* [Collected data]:
>>>

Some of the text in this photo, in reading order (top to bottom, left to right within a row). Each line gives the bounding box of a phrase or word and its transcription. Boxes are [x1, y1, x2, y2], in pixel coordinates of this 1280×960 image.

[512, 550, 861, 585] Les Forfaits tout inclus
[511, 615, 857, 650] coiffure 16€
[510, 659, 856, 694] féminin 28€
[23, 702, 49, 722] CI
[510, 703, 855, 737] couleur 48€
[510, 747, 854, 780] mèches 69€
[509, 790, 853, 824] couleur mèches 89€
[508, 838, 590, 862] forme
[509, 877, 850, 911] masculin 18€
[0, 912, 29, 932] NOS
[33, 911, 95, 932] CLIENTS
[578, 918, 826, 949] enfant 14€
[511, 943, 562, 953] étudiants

<<<

* [TASK INSTRUCTIONS]: What is needed is an exact copy of every record above.

* [TASK RESPONSE]:
Some of the text in this photo, in reading order (top to bottom, left to right within a row). Each line gives the bounding box of a phrase or word and its transcription. Boxes are [x1, y1, x2, y2], in pixel coordinates of this 1280×960 image.

[512, 550, 861, 585] Les Forfaits tout inclus
[511, 615, 857, 650] coiffure 16€
[510, 659, 856, 694] féminin 28€
[23, 702, 49, 722] CI
[510, 703, 855, 737] couleur 48€
[510, 747, 854, 780] mèches 69€
[509, 790, 853, 824] couleur mèches 89€
[508, 838, 590, 862] forme
[509, 877, 850, 911] masculin 18€
[0, 912, 29, 932] NOS
[33, 911, 95, 932] CLIENTS
[578, 918, 826, 949] enfant 14€
[511, 943, 562, 953] étudiants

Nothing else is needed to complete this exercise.